* REQUIRED ACTION *
Reproduce, exactly and in full, the records that follow, minus any pictures.

* DATA FOR THIS EXERCISE *

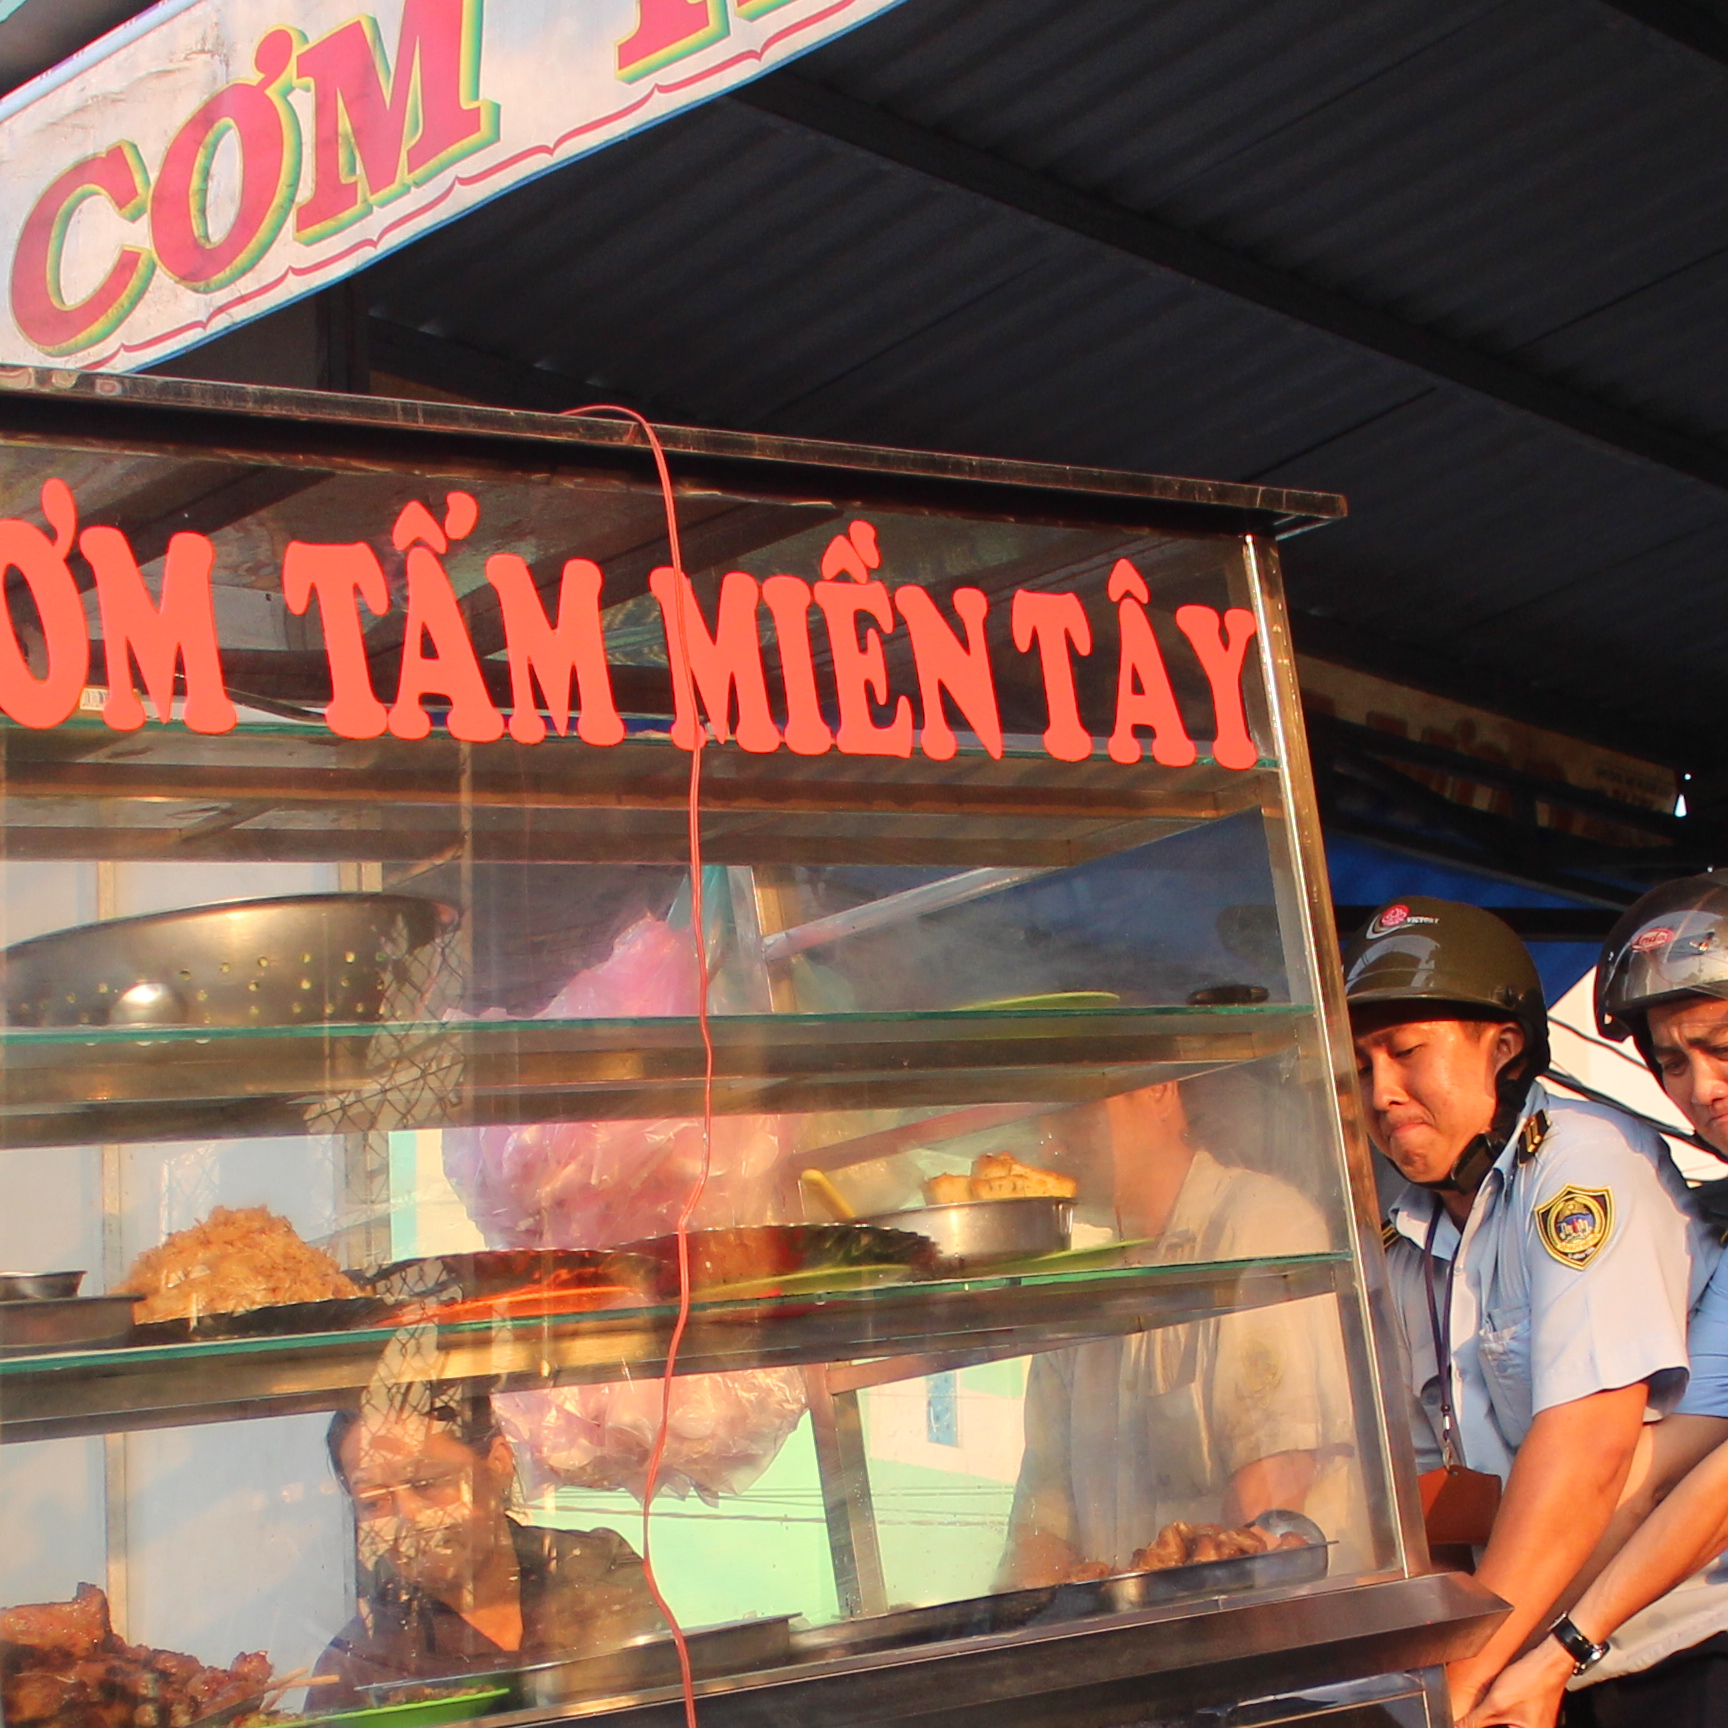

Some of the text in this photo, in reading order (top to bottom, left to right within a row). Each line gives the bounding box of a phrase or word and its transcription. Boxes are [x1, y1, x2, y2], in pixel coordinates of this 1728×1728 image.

[9, 0, 502, 358] CƠM
[282, 491, 627, 746] TẤM
[649, 520, 1005, 761] MIỀN
[1011, 558, 1259, 769] TÂY

* EXERCISE OUTPUT *
Some of the text in this photo, in reading order (top to bottom, left to right within a row). Each line gives the bounding box of a phrase or word and its transcription. Boxes are [x1, y1, x2, y2], in pixel coordinates of this 1728×1728 image.

[9, 0, 502, 358] CƠM
[282, 491, 627, 746] TẤM
[649, 520, 1005, 761] MIỀN
[1011, 558, 1259, 769] TÂY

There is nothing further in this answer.